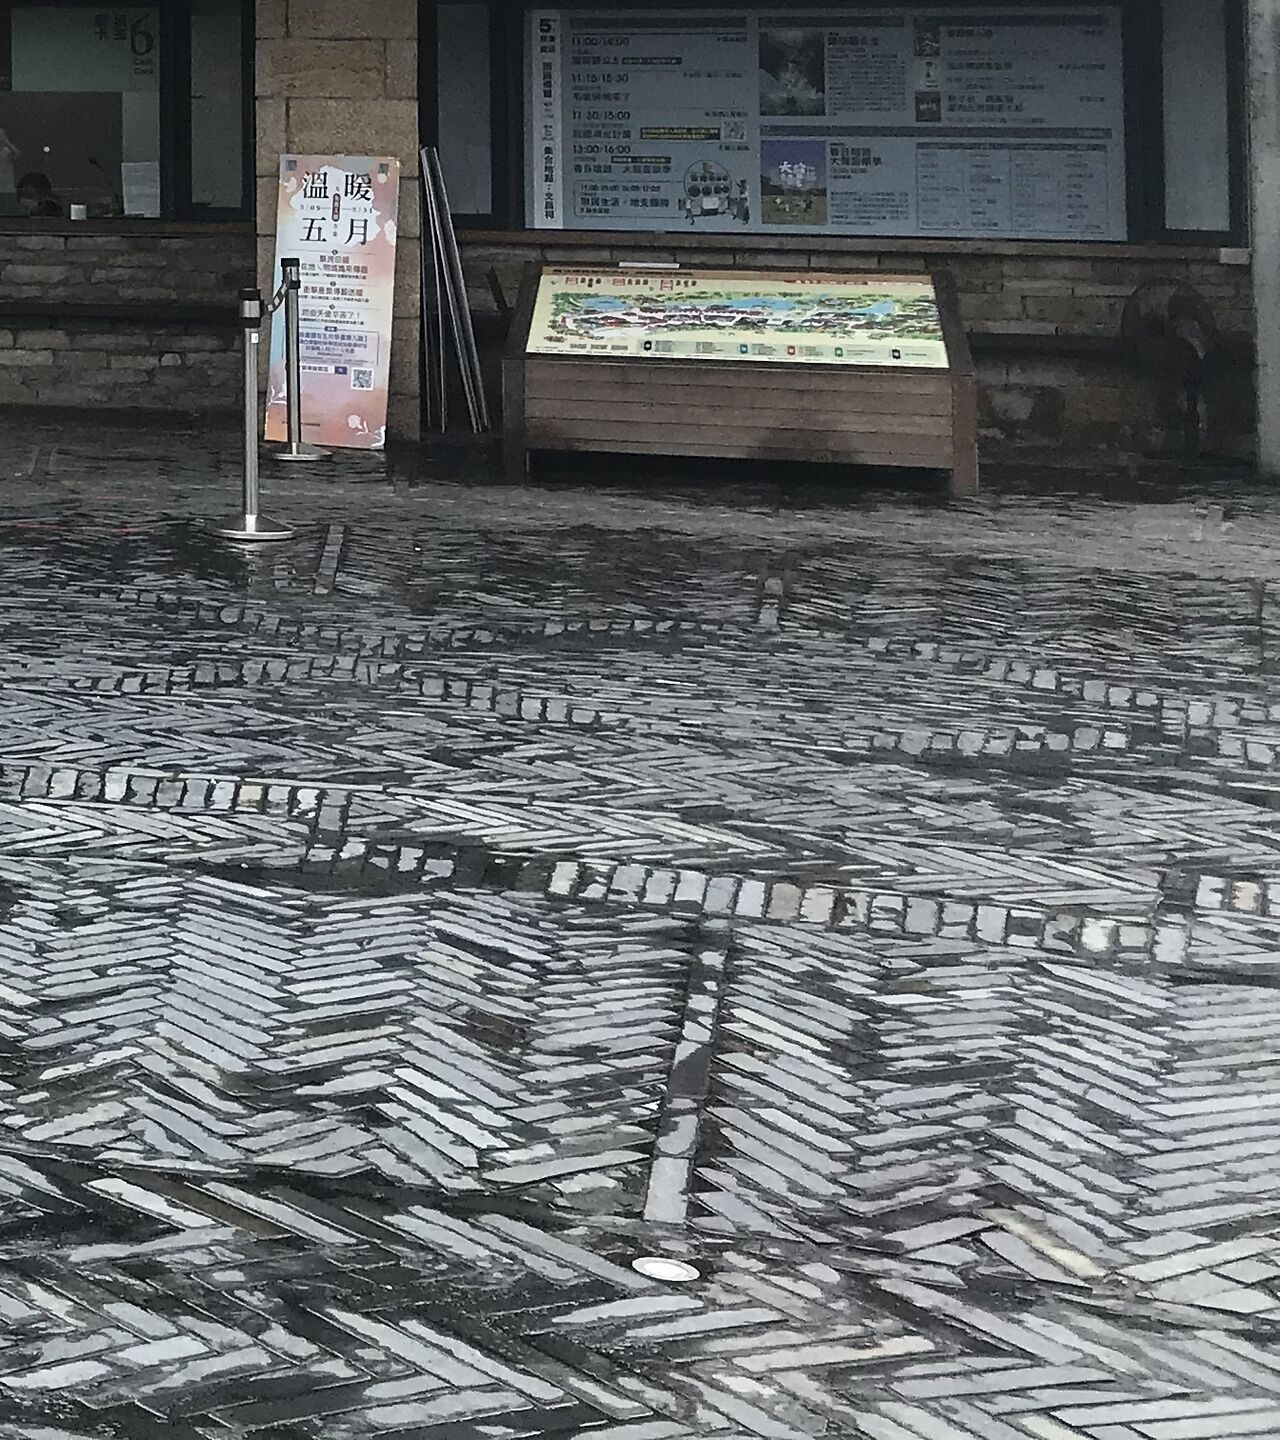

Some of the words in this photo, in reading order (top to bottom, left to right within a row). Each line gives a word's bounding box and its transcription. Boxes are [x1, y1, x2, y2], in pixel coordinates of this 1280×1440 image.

[130, 14, 154, 56] 6
[302, 170, 373, 202] 溫暖
[299, 216, 369, 246] 五月
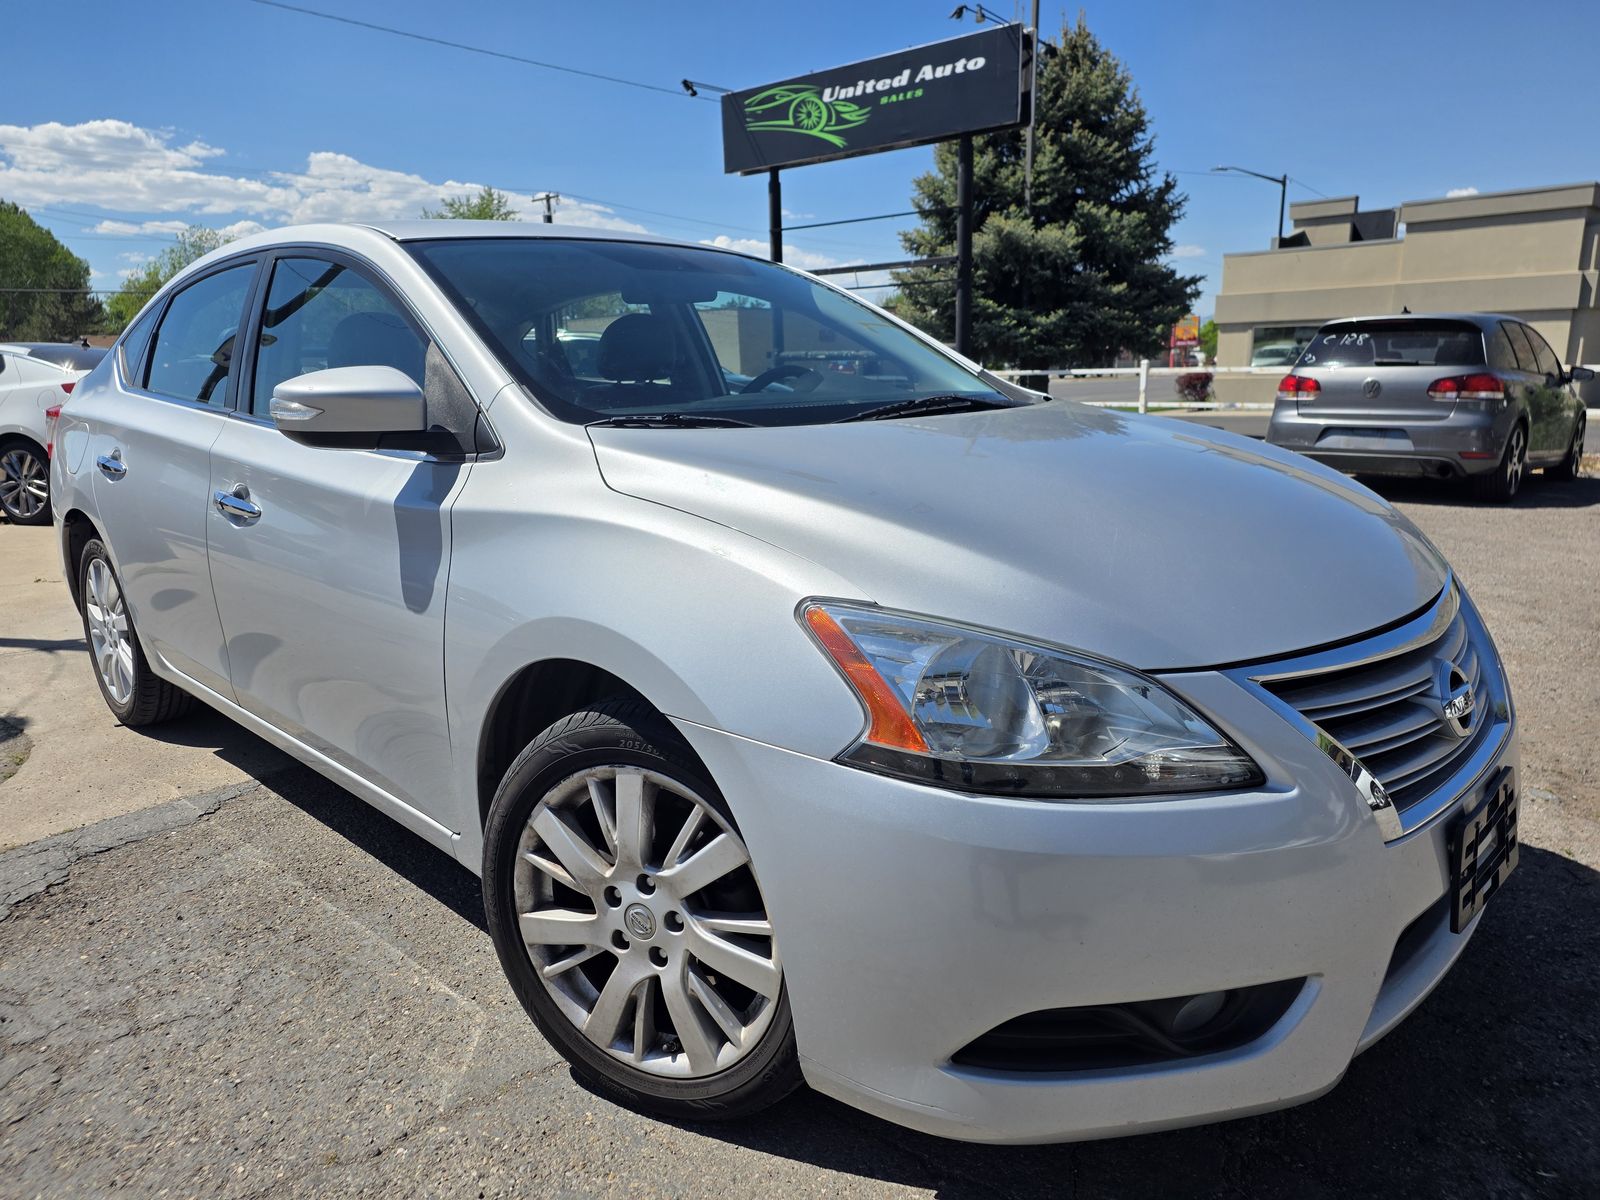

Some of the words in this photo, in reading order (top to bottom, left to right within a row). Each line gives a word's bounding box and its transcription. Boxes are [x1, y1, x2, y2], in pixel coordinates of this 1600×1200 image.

[821, 69, 911, 103] United
[914, 56, 986, 83] Auto
[879, 88, 924, 105] SALES
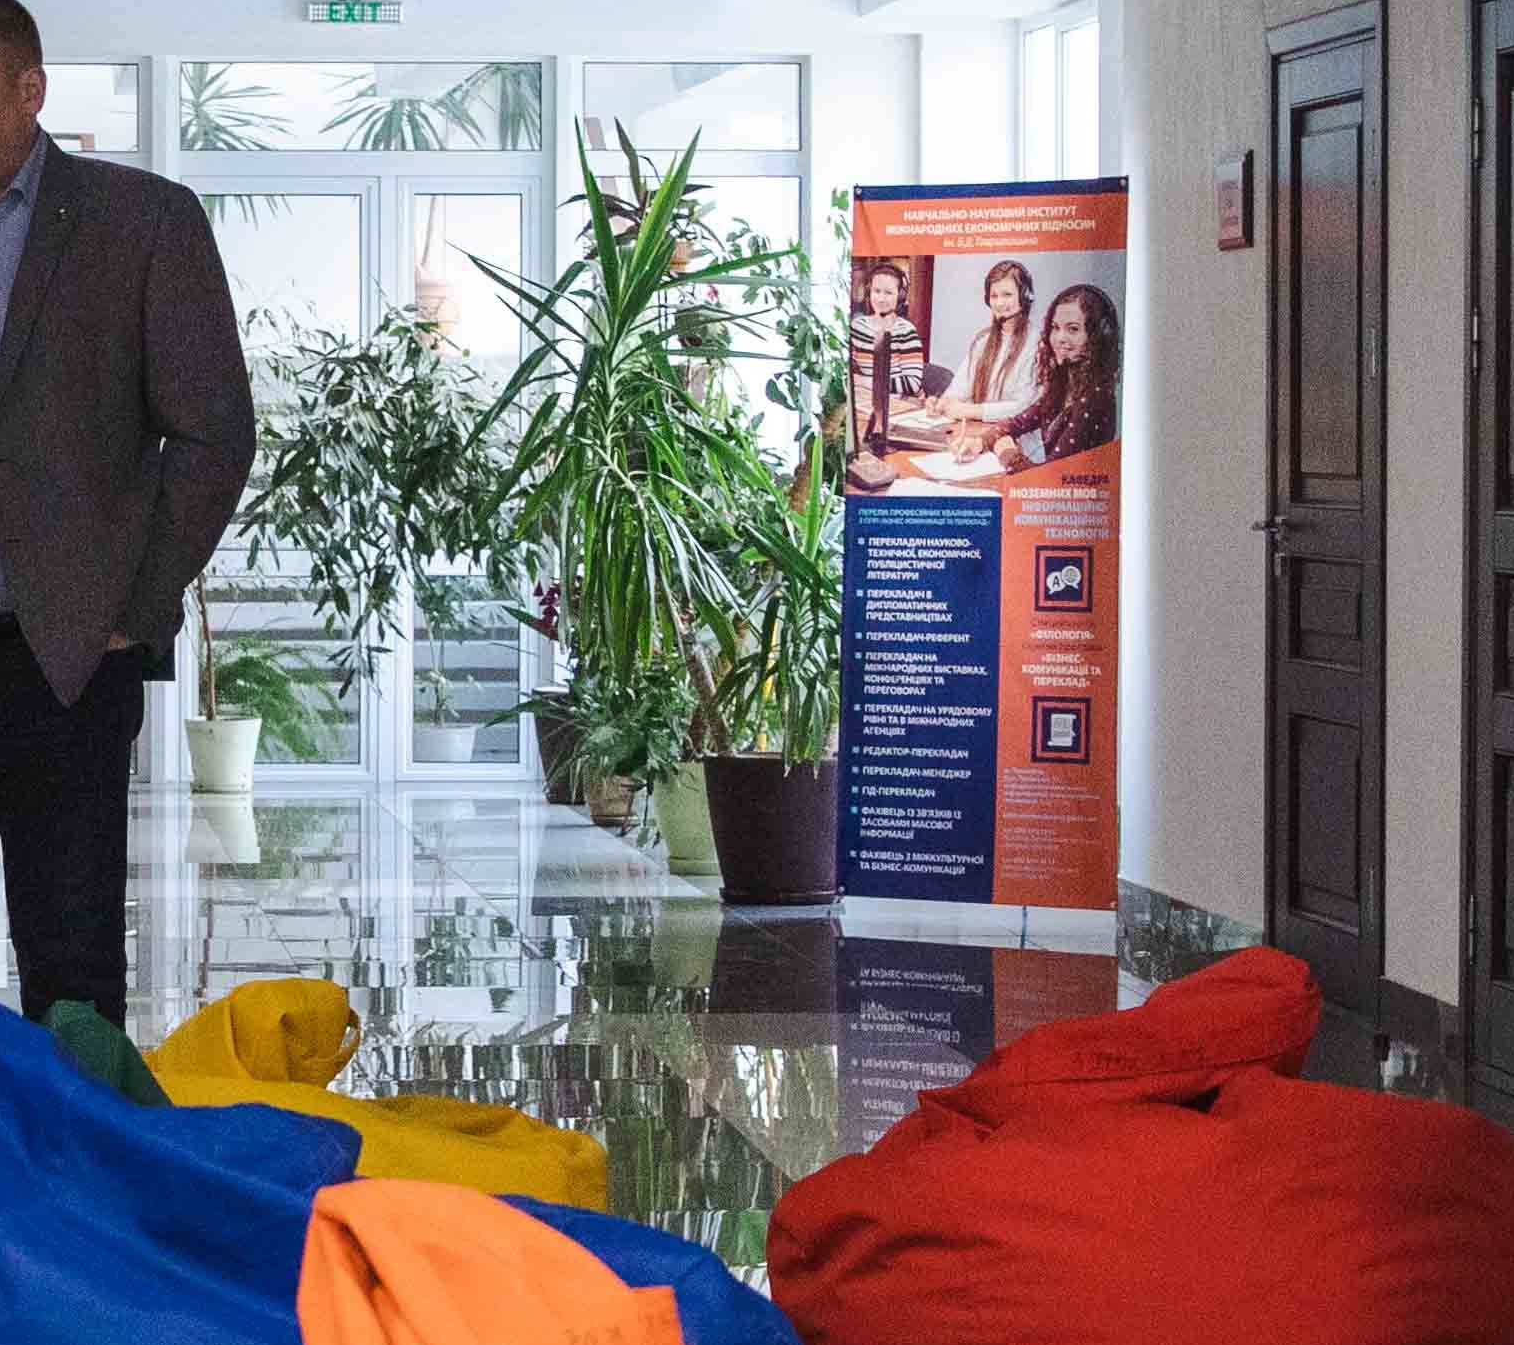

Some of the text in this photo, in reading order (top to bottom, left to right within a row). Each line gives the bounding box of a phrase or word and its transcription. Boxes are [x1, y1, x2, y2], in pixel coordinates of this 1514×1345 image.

[329, 1, 382, 22] EXIT
[868, 537, 926, 547] ПЕРЕКЛАДАЧ
[866, 589, 925, 600] ПЕРЕКЛАДАЧ
[865, 652, 938, 663] ПЕРЕКЛАДАЧ НА
[934, 676, 945, 685] ТА
[863, 685, 926, 696] ПЕРЕГОВОРАХ
[864, 704, 922, 715] ПЕРЕКЛАДАЧ
[923, 705, 936, 715] НА
[888, 716, 899, 725] ТА
[863, 746, 969, 759] РЕДАКТОР-ПЕРЕКЛАДАЧ
[863, 766, 972, 779] ПЕРЕКЛАДАЧ-МЕНЕДЖЕР

----------------------------------------

Problem requirements:
The records above are to be repeated exactly, with every picture removed from the copy.

Task solution:
Some of the words in this photo, in reading order (top to bottom, left to right within a row). Each line gives a word's bounding box and its transcription. Boxes are [x1, y1, x2, y2], in pixel coordinates of this 1280×1440 image.

[130, 14, 154, 56] 6
[302, 170, 373, 202] 溫暖
[299, 216, 369, 246] 五月

Some of the words in this photo, in reading order (top to bottom, left to right within a row). Each line gives a word's bounding box and its transcription. Boxes are [x1, y1, x2, y2], in pixel coordinates of this 1600×1200 image.

[821, 69, 911, 103] United
[914, 56, 986, 83] Auto
[879, 88, 924, 105] SALES

Some of the text in this photo, in reading order (top to bottom, left to right within a row). Each line gives the bounding box of a phrase or word and its transcription. Boxes are [x1, y1, x2, y2], in pixel coordinates of this 1514×1345 image.

[329, 1, 382, 22] EXIT
[868, 537, 926, 547] ПЕРЕКЛАДАЧ
[866, 589, 925, 600] ПЕРЕКЛАДАЧ
[865, 652, 938, 663] ПЕРЕКЛАДАЧ НА
[934, 676, 945, 685] ТА
[863, 685, 926, 696] ПЕРЕГОВОРАХ
[864, 704, 922, 715] ПЕРЕКЛАДАЧ
[923, 705, 936, 715] НА
[888, 716, 899, 725] ТА
[863, 746, 969, 759] РЕДАКТОР-ПЕРЕКЛАДАЧ
[863, 766, 972, 779] ПЕРЕКЛАДАЧ-МЕНЕДЖЕР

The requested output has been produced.